I felt happy but also scared at the words I heard. I feel happy because I heard it, who doesn't like to hear the words of love? But I was afraid, afraid that those words were lies or just an illusion that was said just to please me. My grandfather once said, just because something is said doesn't mean it's true.

When I finally managed to awoke my whole body ached, and my bones might crumble. My lungs also felt tight, plus my head dizzies as if my brain had been stirred or squeezed like a lemon. When I opened my eyes and look around, I found my father staring at me, he closed his mouth with his hand, and tears came out of his eyes like heavy rain. I also saw a man standing beside him. He is my brother, Harris. Then he hugs Papa and Harris also looks sad.

Making them angry is my specialty, but making them cry is something I've never done in my life. And now I've done. The last time I saw Papa cry was when my grandmother died when I was eleven years old. He looked so sad, but at the same time, he also smiled a little as if he was happy. It made me doubt my previous vision, I'm not even sure if he was sad or happy or even both.

Meanwhile, an unknown man was standing not far from Papa, the man with a white look but with a neatly shaved beard was seen hugging a brown-haired woman who also crying.
Yes, maybe our relatives from far away, considering Papa is of Spanish descent.

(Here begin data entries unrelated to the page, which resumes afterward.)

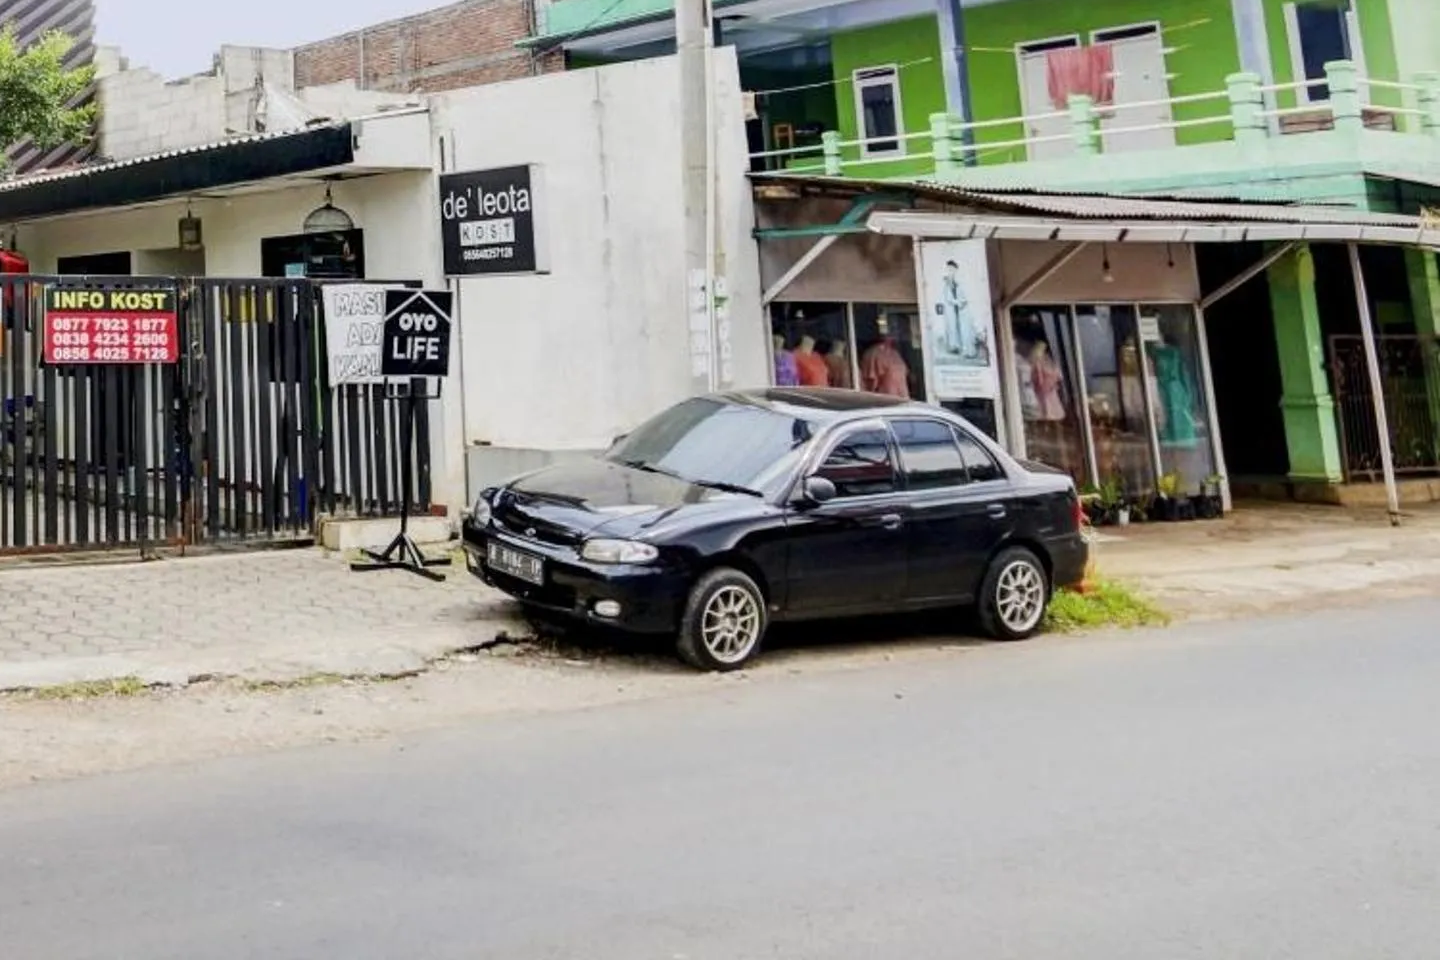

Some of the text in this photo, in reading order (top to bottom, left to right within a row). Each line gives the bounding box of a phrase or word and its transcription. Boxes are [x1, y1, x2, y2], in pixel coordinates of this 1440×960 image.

[462, 222, 511, 241] KOST
[53, 291, 167, 310] INFO KOST
[53, 318, 89, 331] 0877
[133, 318, 168, 331] 1877
[399, 312, 438, 331] OYO
[53, 347, 90, 360] 0856
[93, 347, 129, 360] 4025
[392, 336, 440, 362] LIFE
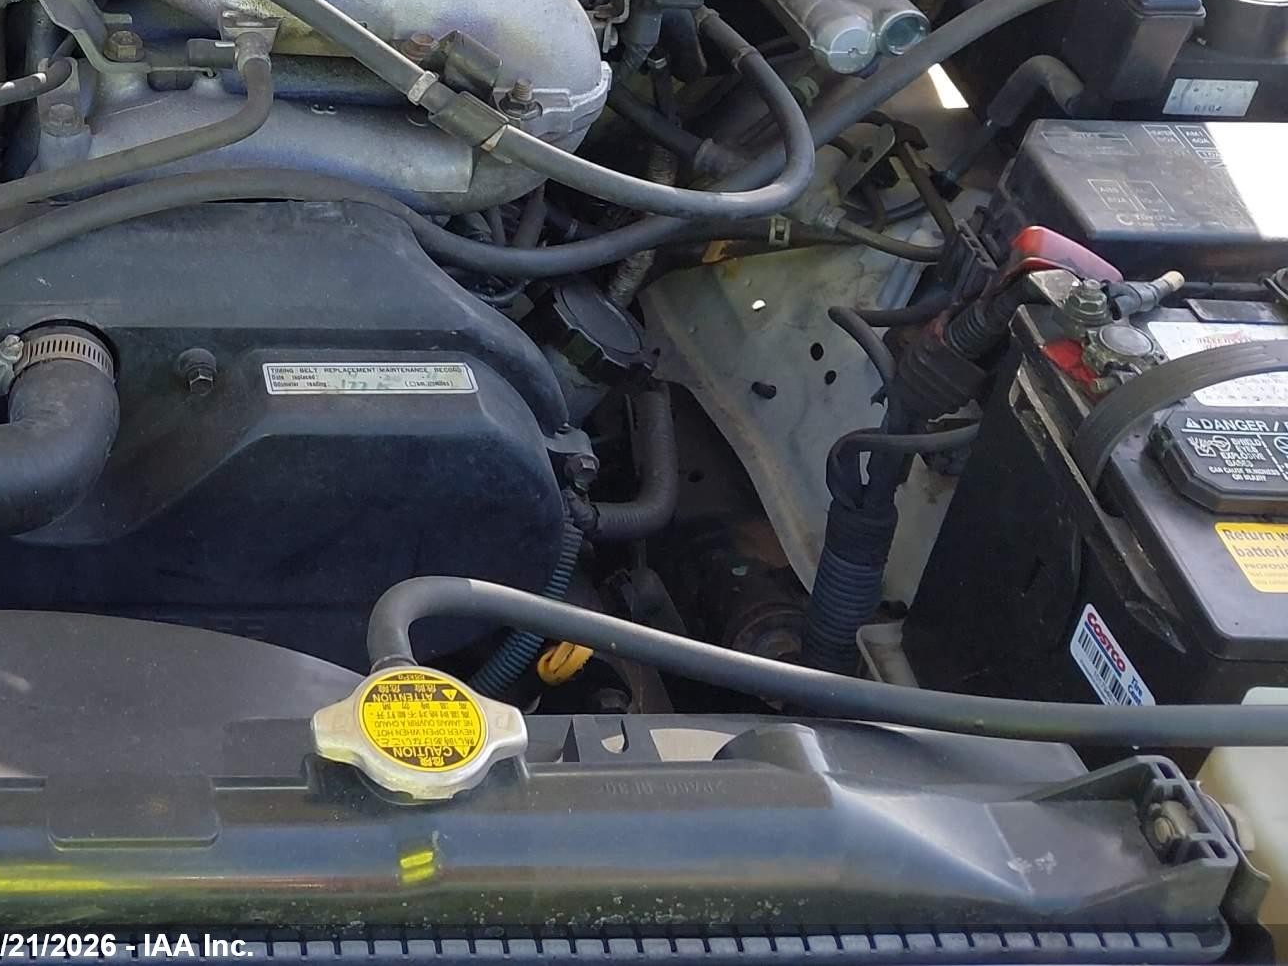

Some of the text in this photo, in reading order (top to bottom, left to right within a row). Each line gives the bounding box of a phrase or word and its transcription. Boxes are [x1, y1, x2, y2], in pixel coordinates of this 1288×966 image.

[1199, 418, 1269, 432] DANGER
[1230, 437, 1261, 447] SHIELD
[1219, 451, 1266, 461] EXPLOSIVE
[1222, 529, 1276, 541] Return
[1087, 612, 1126, 673] COSTCO
[372, 692, 434, 702] ATTENTION
[395, 728, 420, 736] WHEN
[422, 728, 445, 736] OPEN
[447, 728, 475, 736] NEVER
[393, 747, 453, 757] CAUTION
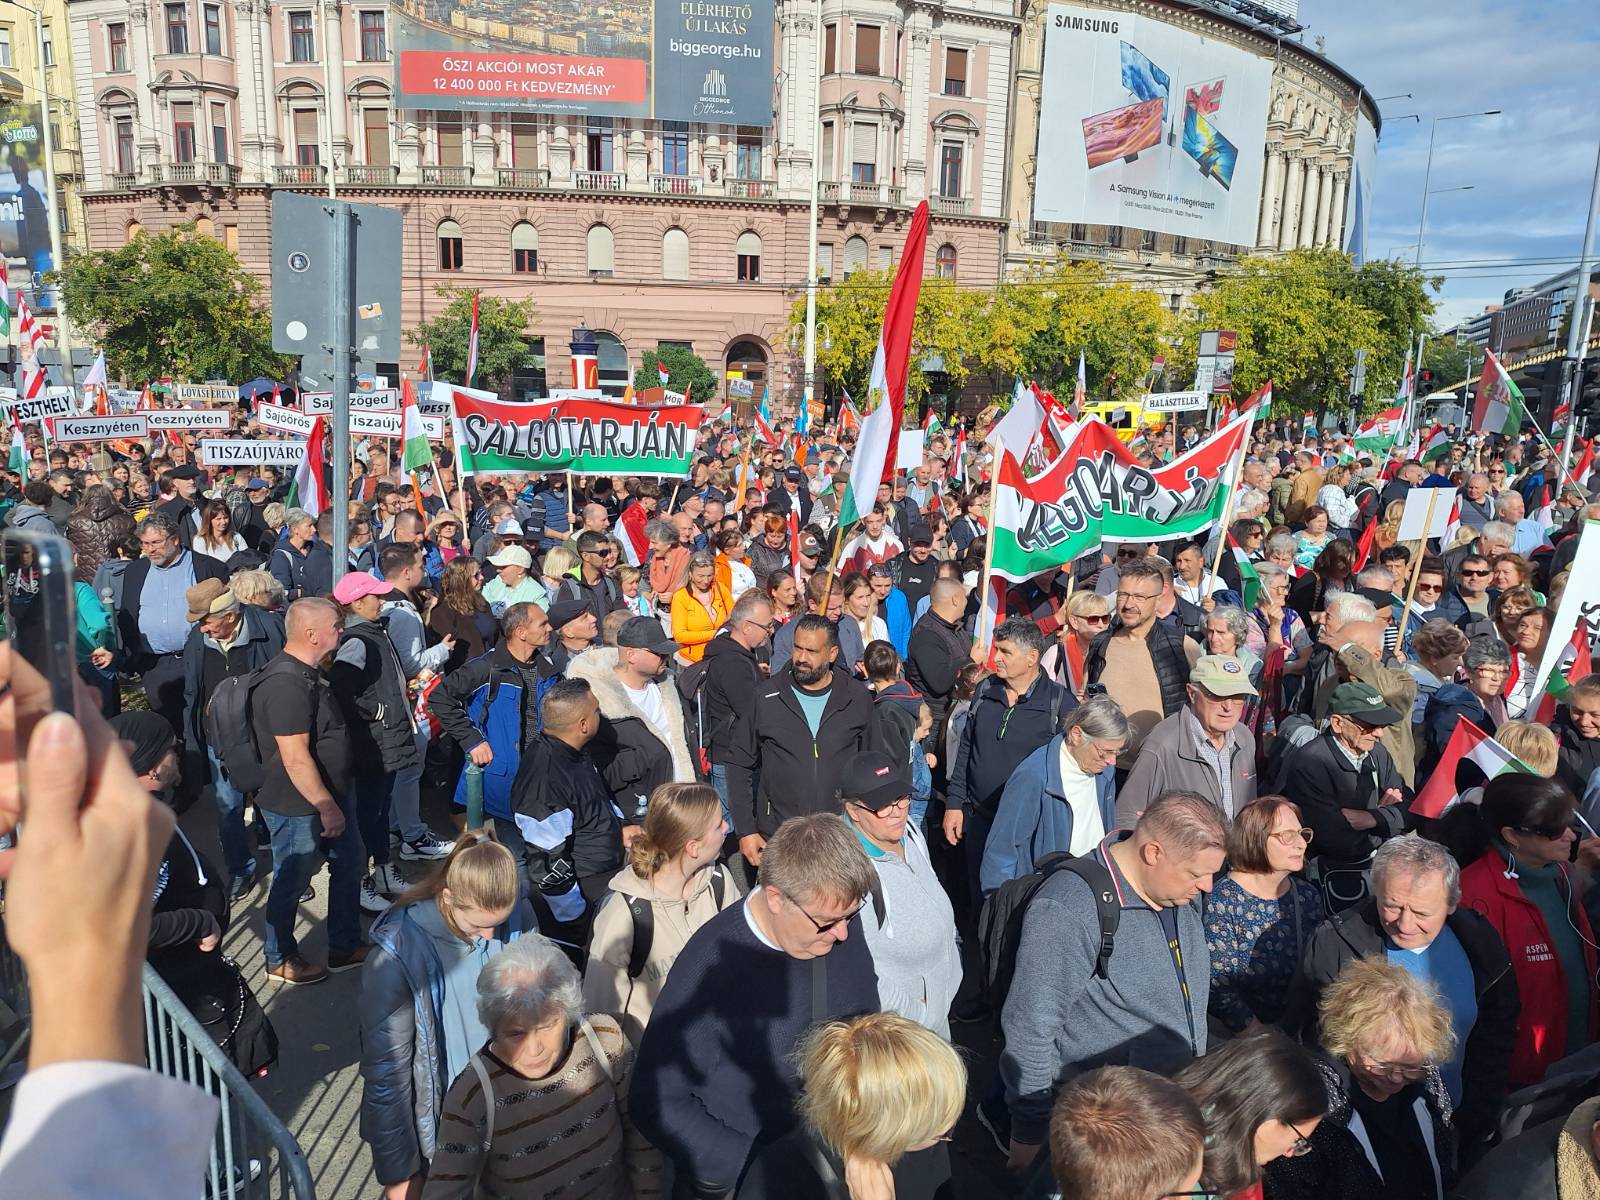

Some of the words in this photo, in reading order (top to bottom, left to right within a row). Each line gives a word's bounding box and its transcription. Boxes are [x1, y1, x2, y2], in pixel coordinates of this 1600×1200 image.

[680, 1, 752, 20] ELÉRHETŐ
[686, 17, 701, 32] ÚJ
[704, 19, 748, 35] LAKÁS
[1055, 14, 1119, 34] SAMSUNG
[670, 38, 761, 59] biggeorge.hu
[442, 58, 473, 73] ŐSZI
[476, 59, 522, 75] AKCIÓ!
[525, 62, 565, 76] MOST
[568, 62, 605, 78] AKÁR
[432, 78, 448, 89] 12
[450, 79, 475, 91] 400
[478, 79, 502, 92] 000
[506, 80, 519, 93] Ft
[1109, 183, 1116, 192] A
[1117, 184, 1148, 199] Samsung
[1149, 188, 1166, 200] Vision
[1166, 194, 1173, 202] AI
[6, 396, 71, 422] KESZTHELY
[1149, 396, 1200, 408] HALÁSZTELEK
[147, 414, 222, 426] Kesznyéten
[265, 408, 310, 429] Sajóörös
[64, 421, 140, 436] Kesznyéten
[464, 407, 689, 460] SALGÓTARJÁN
[208, 443, 304, 461] TISZAÚJVÁRO
[1525, 943, 1549, 954] ASPEN
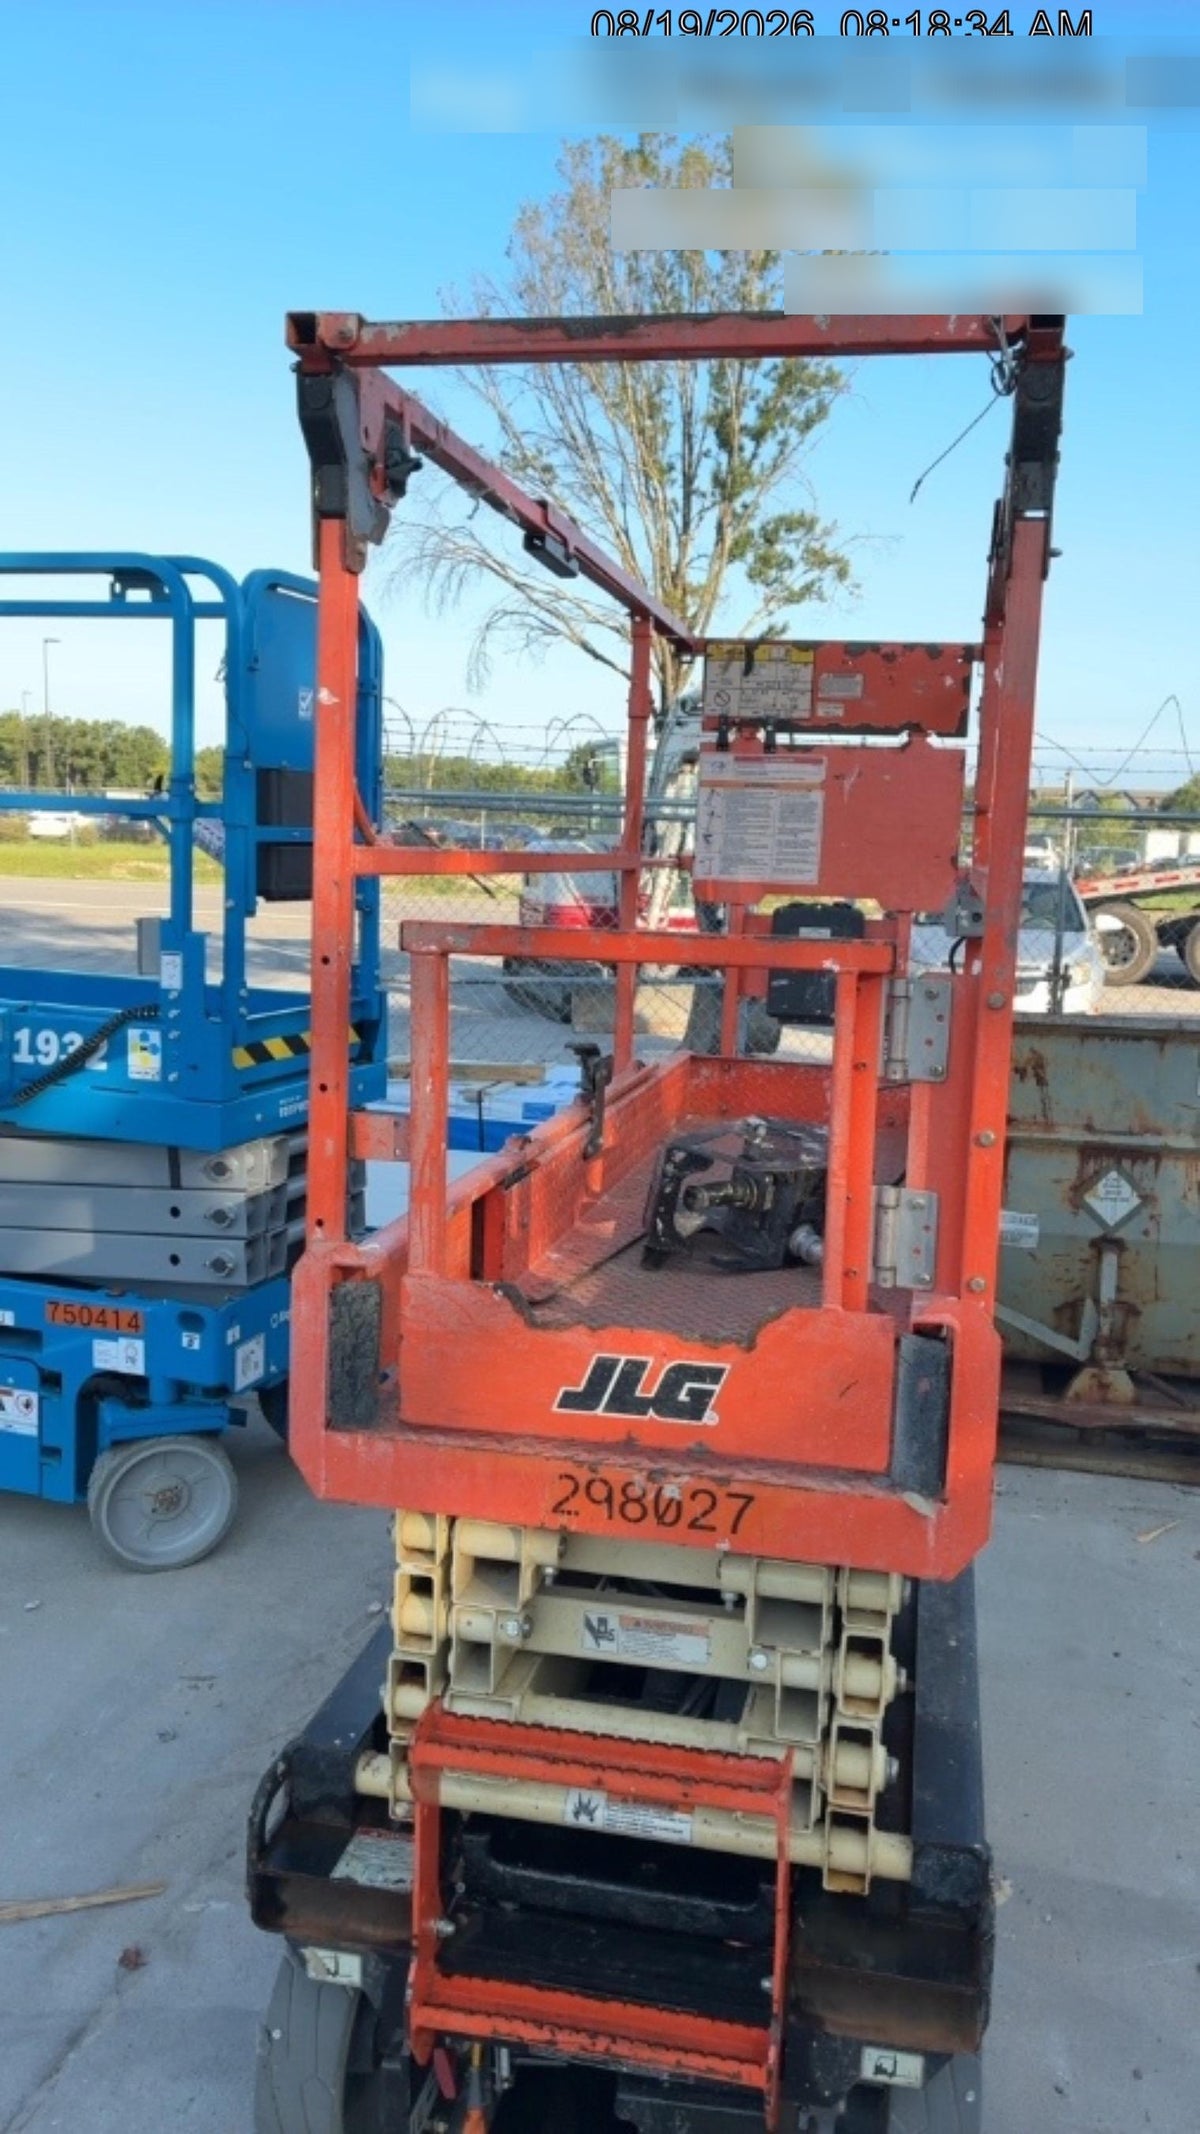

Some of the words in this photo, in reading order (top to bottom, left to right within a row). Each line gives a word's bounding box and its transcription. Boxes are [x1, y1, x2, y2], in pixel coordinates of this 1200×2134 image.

[46, 1301, 142, 1333] 750414
[552, 1353, 731, 1425] JLG
[551, 1474, 756, 1535] 298027

"Papa, are you crying?" for some reason my voice felt heavy and hoarse, not to mention my sore throat.

Without answering my question, Papa immediately hugged me. Kiss my forehead and cheeks, as if we hadn't seen each other in a long time. I am his favorite child for as long as I can remember, a pampered and loved daughter. Even my friends in high school were jealous of how Papa was so considerate of me.

He took me to school until I finished high school and often even went to college, brought my lunch when I had extra hours, give me everything that I wanted, and was rarely angry. Even though he is angry he usually only advises me with his soothing words. I swear none of his words have ever hurt me.

"Pa, I want to pee." Yes, those were my first words when Papa just releases his embrace. My bladder is full, I'm worried that I might wet the bed if I hold it any longer.

"You've been catheterized, so you can pee here." Papa's Spanish accent when speaking Indonesian was still there, even though we've lived in Jakarta for twenty years.

My biological mother is Indonesian, after divorce from Papa the woman took Lana and remarried, and then she lives with her new husband in Palembang.

I'm not that close to Mama, because Papa has been divorced from Mama since I was two years old and Harris is fifteen years old at that time.  Somehow Mama has custody of Lana while Papa has custody of Harris and me. Until I was twenty Mama only came to our house during the holidays, and the more time went by, the less time she took the time to just see me and my brother.